## Problem statement
Copy the lines below as they are; omit the images they contain.

╭──

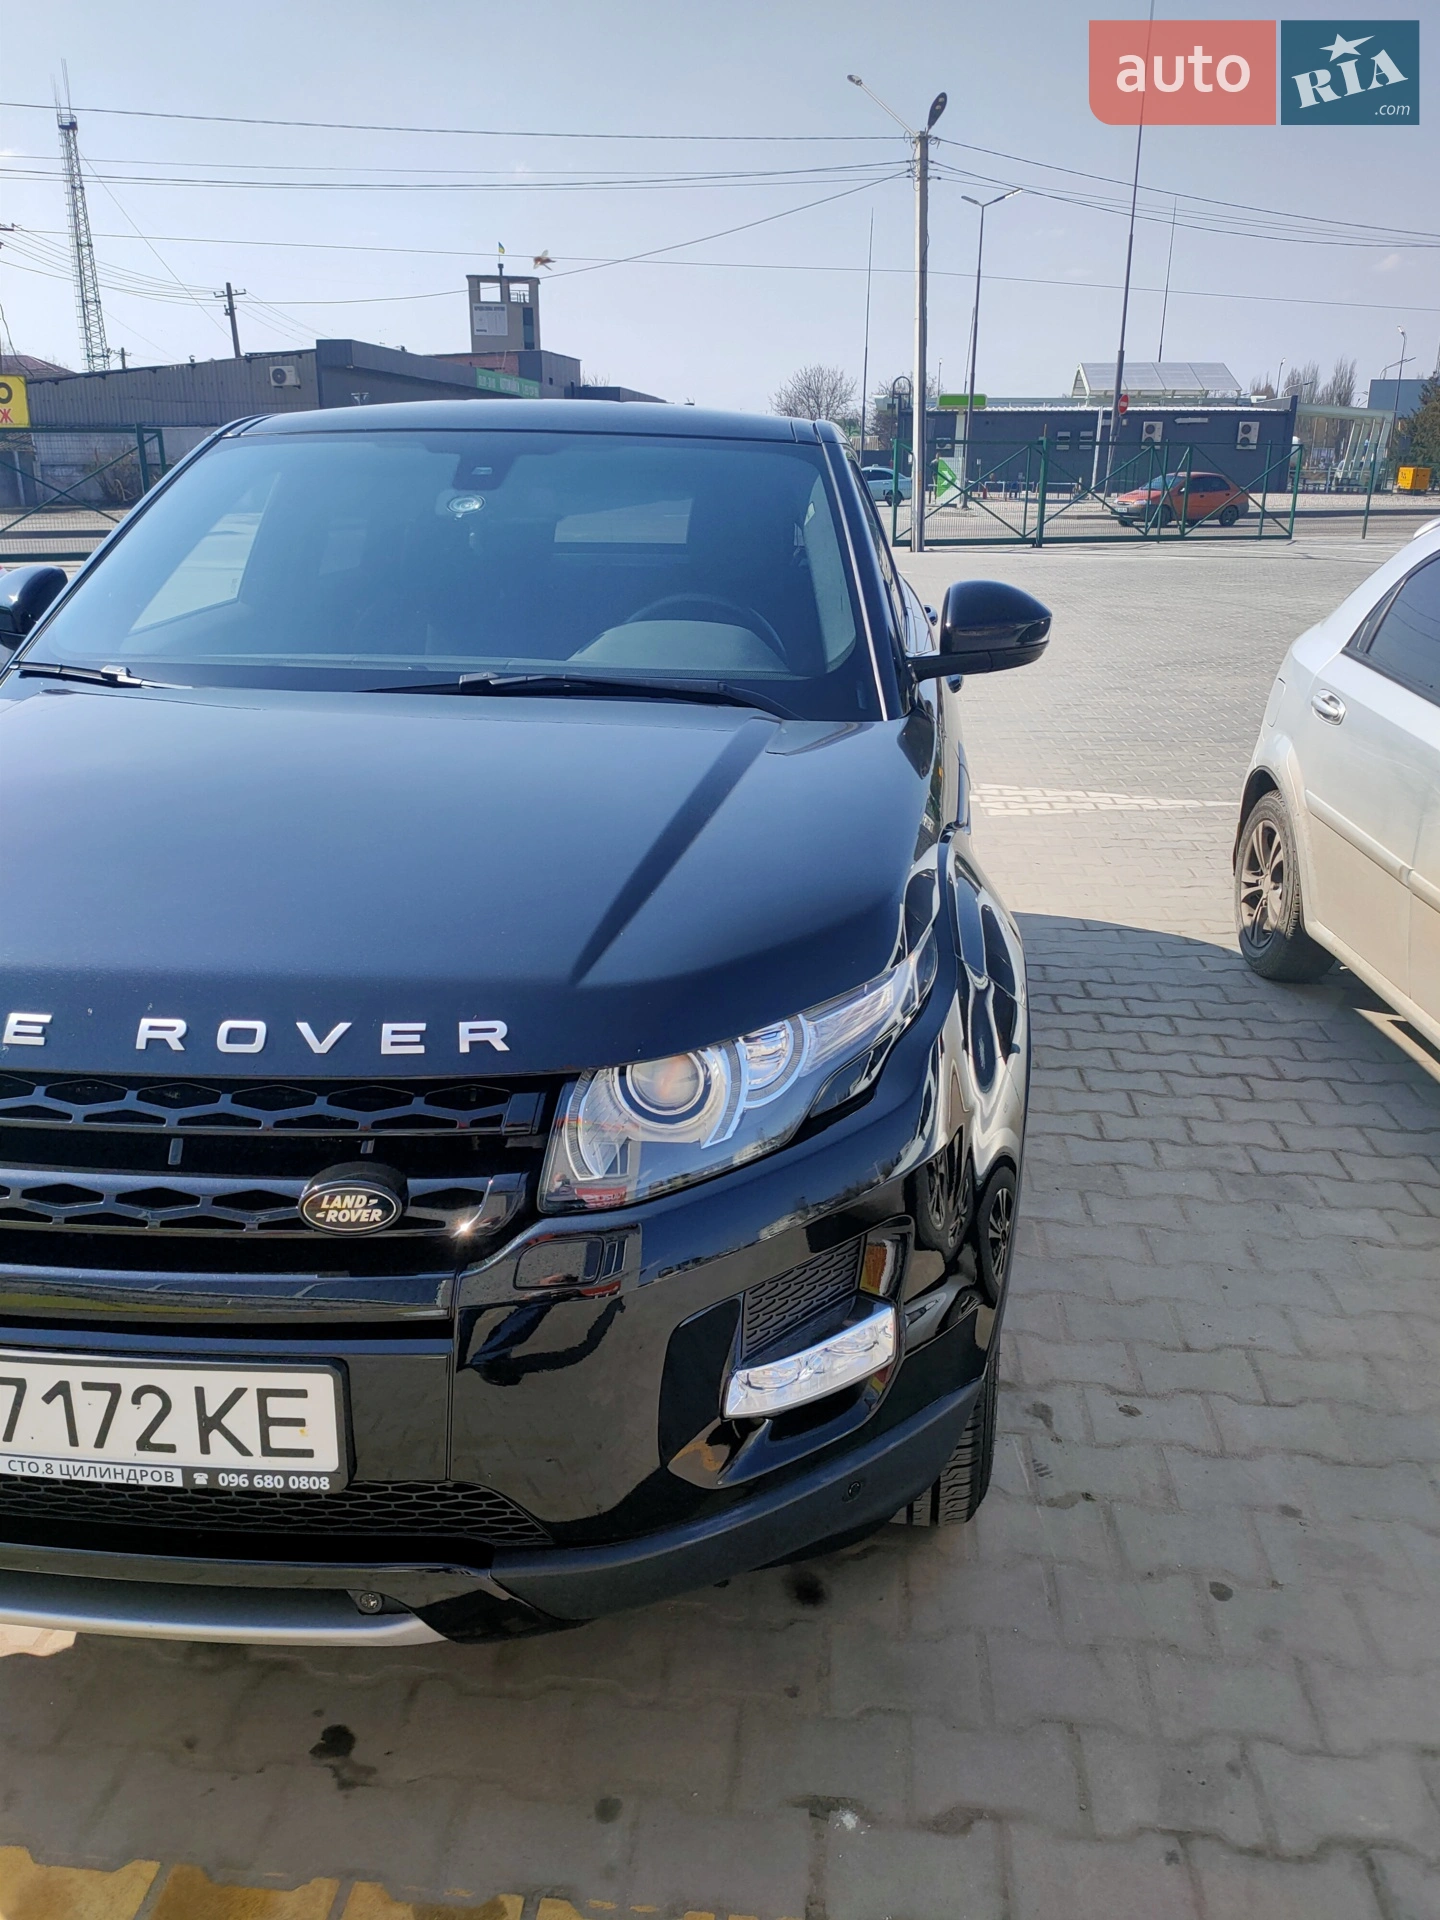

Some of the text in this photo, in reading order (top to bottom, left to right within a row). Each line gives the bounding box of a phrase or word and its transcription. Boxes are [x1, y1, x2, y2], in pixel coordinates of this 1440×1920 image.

[135, 1018, 510, 1054] ROVER
[320, 1195, 367, 1209] LAND
[325, 1208, 383, 1223] ROVER
[194, 1386, 315, 1459] KE
[59, 1464, 175, 1484] ЦИЛИНДРОВ
[218, 1473, 249, 1487] 096
[253, 1475, 284, 1489] 680
[288, 1476, 330, 1490] 0808

╰──

## Exercise output
Some of the text in this photo, in reading order (top to bottom, left to right within a row). Each line gives the bounding box of a phrase or word and its transcription. Boxes are [x1, y1, x2, y2], in pixel coordinates of this 1440×1920 image.

[135, 1018, 510, 1054] ROVER
[320, 1195, 367, 1209] LAND
[325, 1208, 383, 1223] ROVER
[194, 1386, 315, 1459] KE
[59, 1464, 175, 1484] ЦИЛИНДРОВ
[218, 1473, 249, 1487] 096
[253, 1475, 284, 1489] 680
[288, 1476, 330, 1490] 0808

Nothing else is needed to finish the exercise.